How Should I Handle a Problem With the Teacher?

By Dr. Ruth Jacoby, Educational Consultant

Question:

What should you do when you have a problem with your child's teacher and other parents also seem to have the same kinds of problems?

Answer:

Make a list with all of your concerns with exact documentation if you have any. Call for an appointment with the teacher to see if you can resolve any of the issues. Do not worry yourself with how others feel. Your only concern is what is best for your child.

Be prepared to listen, listen and listen. You may learn a lot more about the teacher's philosophy and who she is. You may want to practice first exactly what you want to say, so you are precise. Bring a checklist with you to the meeting so you hit all the pertinent points that you want to make.

Some of the concerns you may wish to report are: your concerns with her academic teachings, with projects, with too much or too little homework, with how she explains the lessons, with her communication, with her attitude or with your feelings about not being welcomed into the classroom.

If you leave the meeting still carrying the same concerns, you may wish to seek out the advice of an administrator (principal, assistant principal, and/or guidance counselor).
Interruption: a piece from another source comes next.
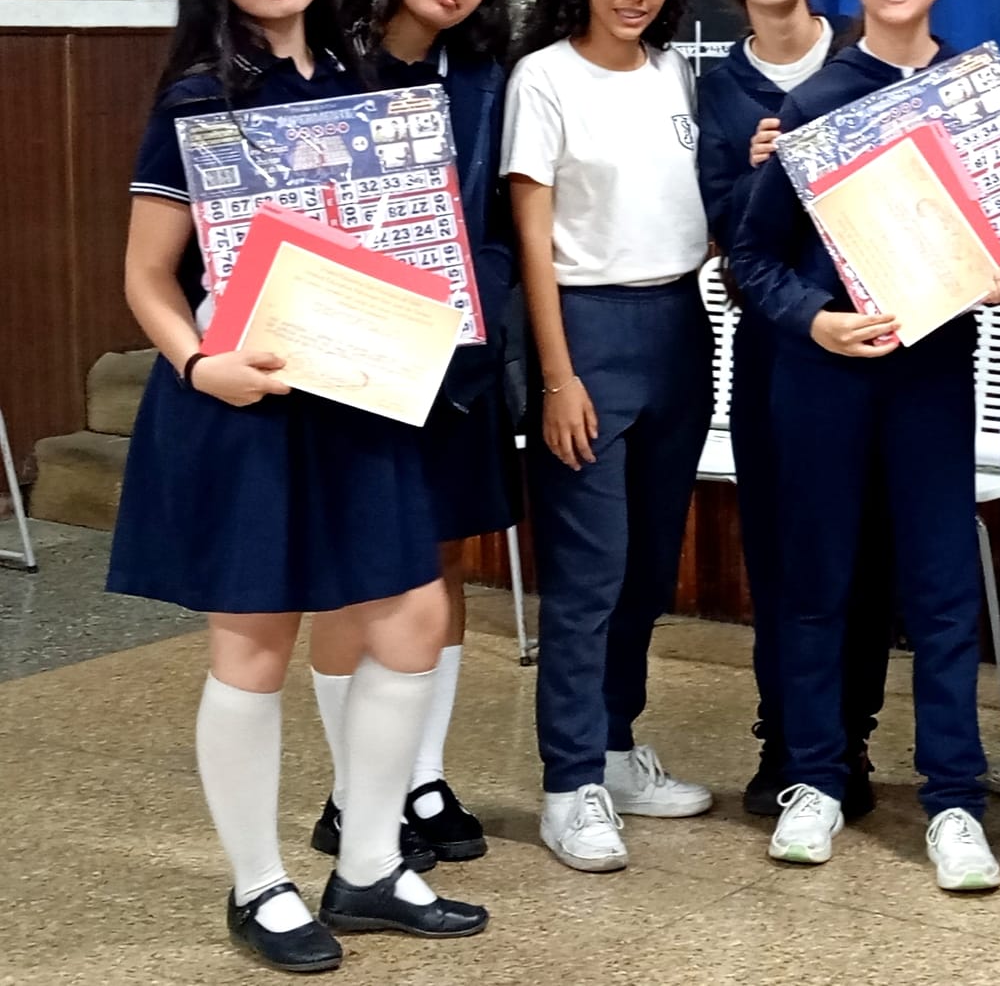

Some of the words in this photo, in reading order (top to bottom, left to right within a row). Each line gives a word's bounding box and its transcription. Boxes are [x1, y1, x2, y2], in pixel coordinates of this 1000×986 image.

Explain that you already had a parent-teacher conference, but not all your concerns were addressed to your satisfaction. Ask for their assistance and guidance. Remember not every teacher your child has through the many school years ahead—especially in middle and high school, where there is one teacher for each subject area—will be perfect. Changes sometimes can occur if your approach the problem with "a lot of sugar and honey."


Dr. Ruth Jacoby has been involved in education for more than 30 years as an educator, principal and currently as an educational consultant in Florida. She is the co-author of the School Talk! Success Series including Parent Talk!: The Art of Effective Communication With the School and Your Child, Homework Talk!: The Art of Effective Communication About Your Child's Homework and Test Talk!: Understanding the Stakes and Helping Your Children Do Their Best.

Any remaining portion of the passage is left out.